As soon as I stepped back in the house, I was greeted by Andre. “What’s wrong baby? Where are you going?” I asked. “Nothing wrong ma, I’m waiting on my dawg Trey to get here so we can go run a few errands.” He replied. They were going to run errands alright. That meant he was about to be gone all day and I’d have to find me something to do. Normally I would go to Asia’s house and sit over there. Considering previous events between me and her, I didn’t think that was a good idea. I thought about meeting up with Trey, but decided against that. I didn’t want to go back down that road, not right now. I let out a heavy sigh and replied, “So you’re going to be gone all day?” “No I won’t be gone long.” he assured me. At first, I used to fall for this. That is until he would be gone all day. Now I take it at face value. I gave him a side eye and nodded in acknowledgement. “C’mon boo, don’t be like that. You know daddy won’t neglect his princess.” he teased. I beamed at the sound of that. He planted kisses all over my face and neck. This then turned into us horse wrestling.
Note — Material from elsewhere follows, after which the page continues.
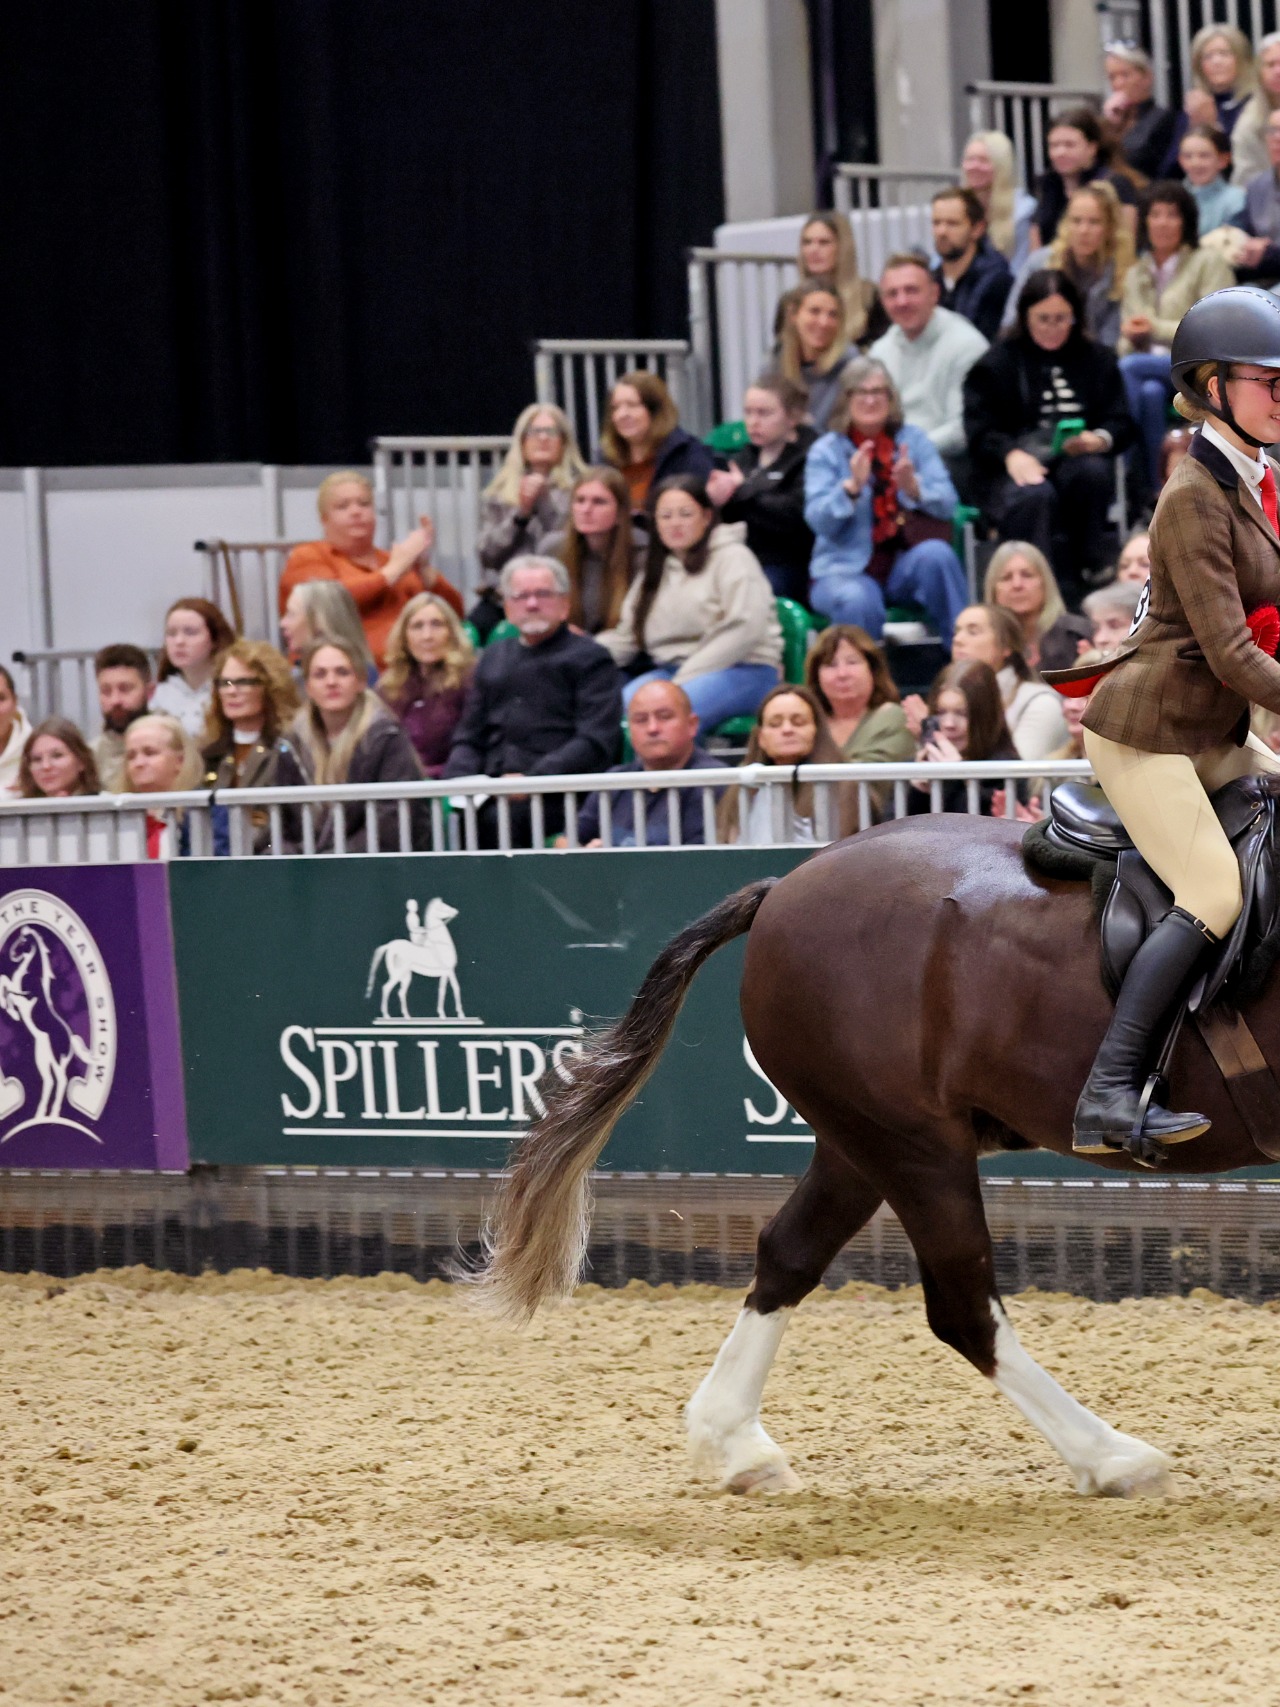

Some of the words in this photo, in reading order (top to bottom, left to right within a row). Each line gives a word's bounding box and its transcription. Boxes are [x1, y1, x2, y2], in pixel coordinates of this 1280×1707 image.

A few moments into us horse wrestling, the doorbell rang. “You better go get that.” I stated in between breaths. I had his hands locked behind his back so he couldn’t move. “I will as soon as you let me go!” he replied in between grunts. I released my grip, and of course he had to get his lick back. I let it slide this time, but I made sure he knew there’d be war next time. I went and sat down on the sofa to catch my breath. Andre went to open the door. I could hear him still breathing hard. “You better get that under control before your friend know you got your ass whipped!” I shouted playfully. “Oh girl please! It’s just because I was full you got the best of me.” he replied. I let out a loud sarcastic laugh. “Boy please! You got beat, and that’s on that!” I shouted back. He finally opened the door and I could hear the other man’s voice. My body tensed up. The voice at the door sounded way too familiar. I sat still as I waited to see who appeared around the corner. I was hoping my worst nightmare had not come true. It had. To my surprise, Trey was standing right in front of me. I tried to hide my uncomfortable body language. Andre was very talented at reading body language. “Aye yo Trey, I want you to meet my girl Shaina.” he stated as he introduced us both. “Hi, how are you doing? Nice to meet you.” I replied. He returned the same introduction. I frantically grabbed my food and made a beeline for the bedroom. I’m not sure what Trey or Andre was up to, but I knew in my heart, that this was not a coincidence.